Neurological abnormalities such as cognitive deficit, ataxia and parkinsonism are also described (14). These are more common in the early adulthood, in patients with atypical CHS or patients with classical CHS that were treated with HSCT. The neurological findings are thought to result from cumulative damage to central nervous system due to impaired LYST protein function and is not related to transplant-conditioning regimen or the accelerated phase (17). In fact, Y2H screens identified possible interactions between LYST protein and other proteins associated with neuronal function and neurodegeneration (11). Furthermore, a mouse model with missense mutation in WD40 domain of Lyst presented a phenotype similar to adult-onset CHS, without severe impairment in immune system and severe progressive Purkinje cell degeneration (18).

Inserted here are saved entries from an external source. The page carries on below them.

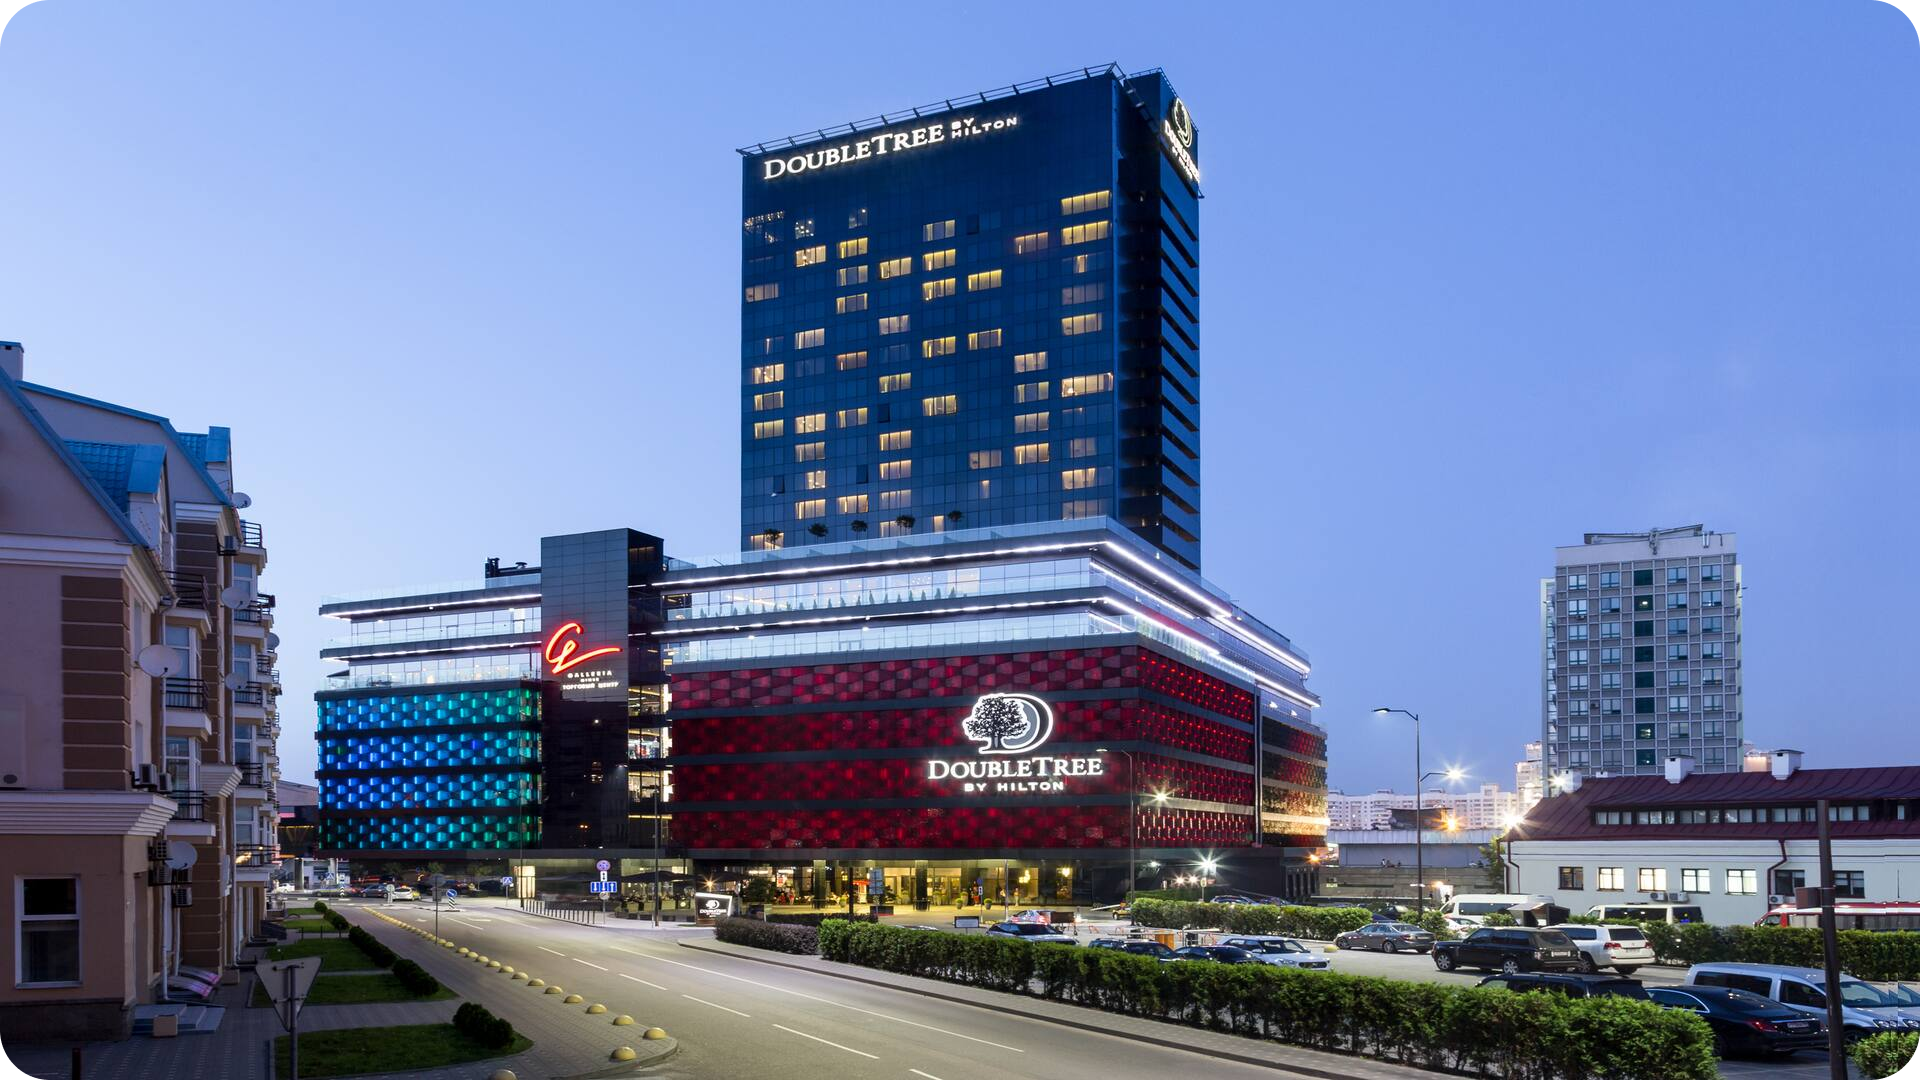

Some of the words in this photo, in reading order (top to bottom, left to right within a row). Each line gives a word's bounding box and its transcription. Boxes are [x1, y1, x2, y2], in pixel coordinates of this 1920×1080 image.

[951, 117, 1018, 139] HILTON
[764, 124, 944, 180] DOUBLETREE
[951, 117, 975, 131] BY
[927, 757, 1104, 780] DOUBLETREE
[964, 782, 987, 792] BY
[996, 781, 1065, 792] HILTON
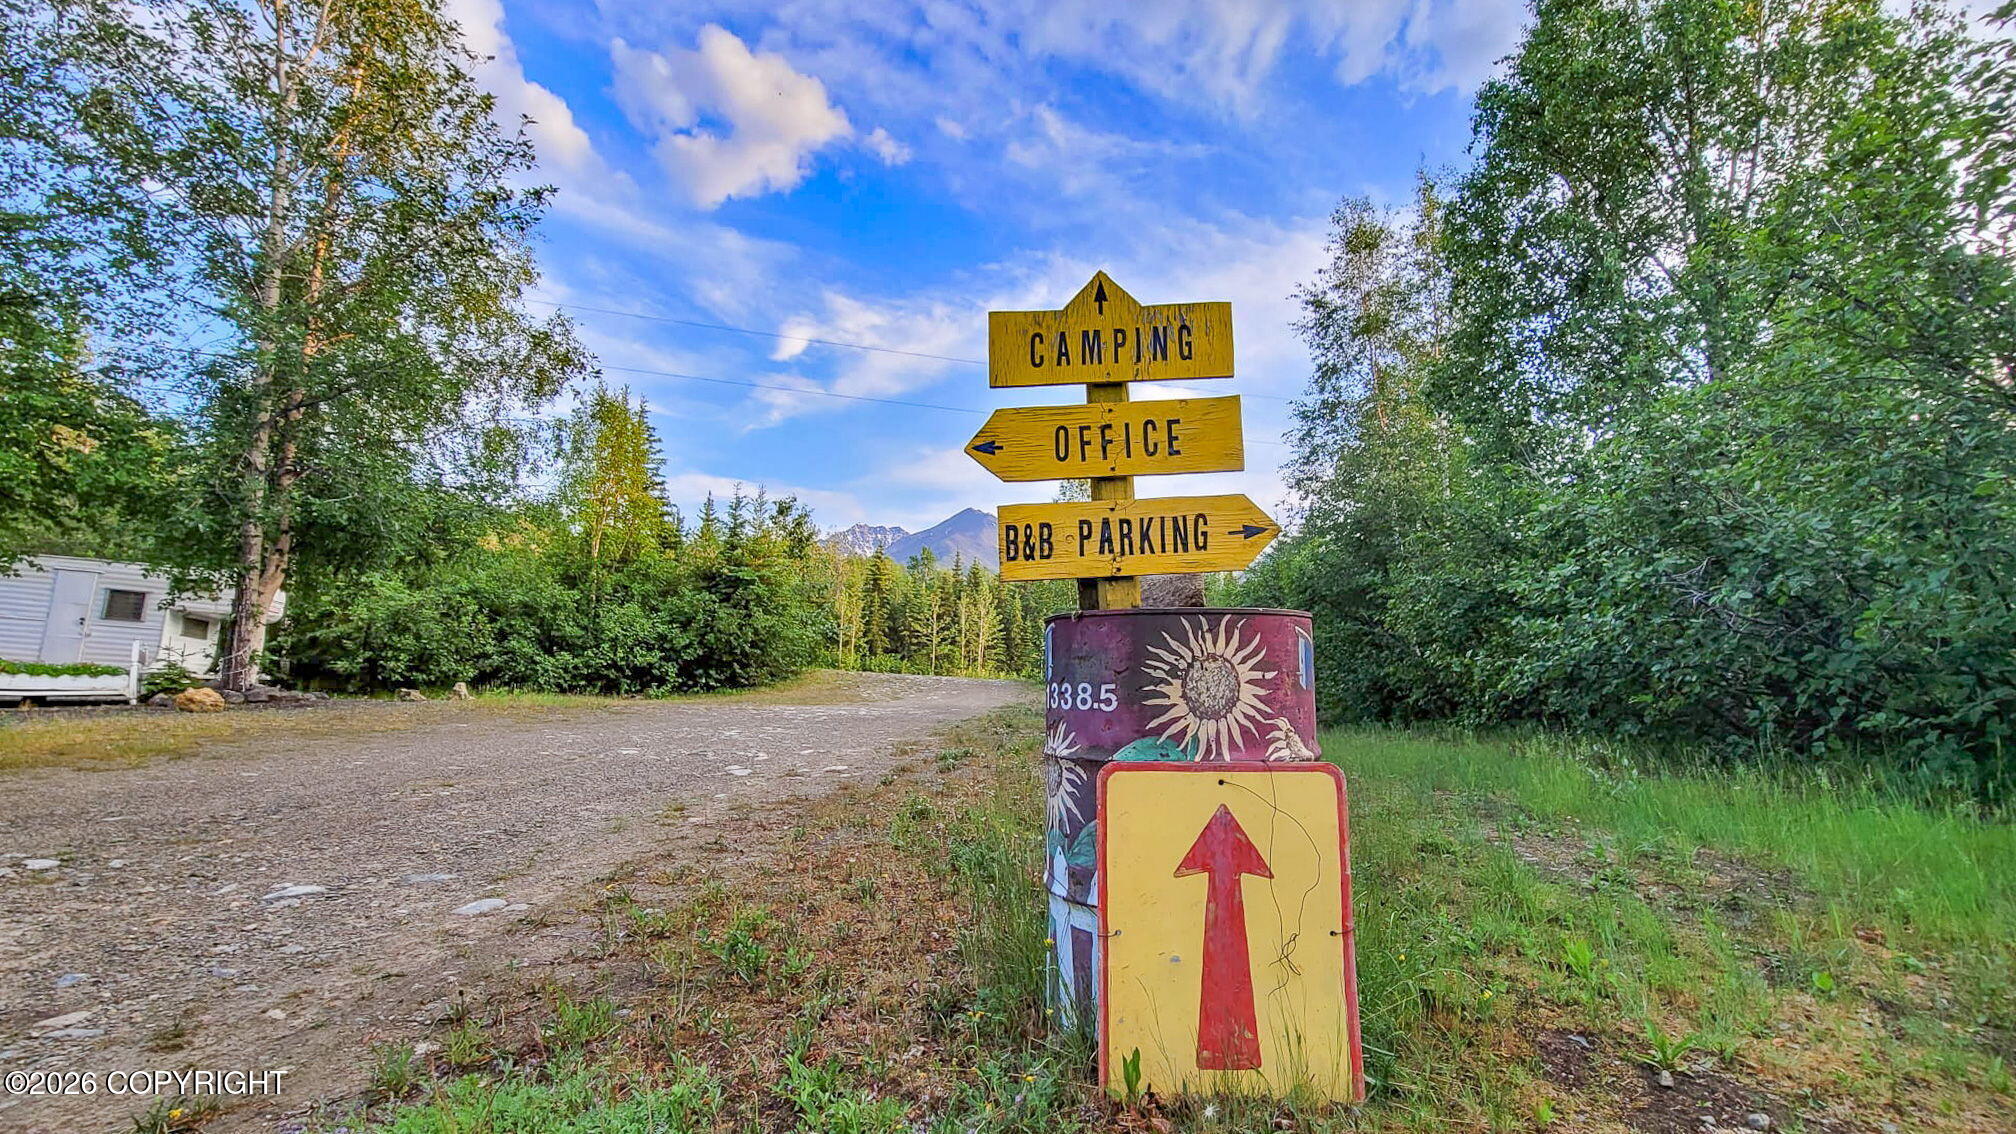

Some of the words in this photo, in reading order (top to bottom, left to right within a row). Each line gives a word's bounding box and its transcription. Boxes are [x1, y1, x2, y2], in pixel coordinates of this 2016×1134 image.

[1030, 324, 1192, 368] CAMPING
[1054, 418, 1182, 462] OFFICE
[1005, 522, 1053, 562] B&B
[1078, 513, 1208, 557] PARKING

The accelerated phase of CHS results from an uncontrolled activation of T-cells and macrophages culminating in the hemophagocytic lymphohistiocytosis (HLH). It is manifested by fever, hepatosplenomegaly, jaundice, lymphadenopathy, pancytopenia, hypertriglyceridemia, increased ferritin and soluble interleukin-2 and bleeding disorders (14). For children with typical CHS, the hematopoietic stem cell transplant (HSCT) can be used before the onset of HLH as a preventive measure. In patients with atypical CHS, annual screenings for clinical and laboratorial manifestations of HLH is proposed (7). The treatment consists of a combination of etoposide, dexamethasone and cyclosporine A (19). HSCT can be considered after clinical remission of HLH (5).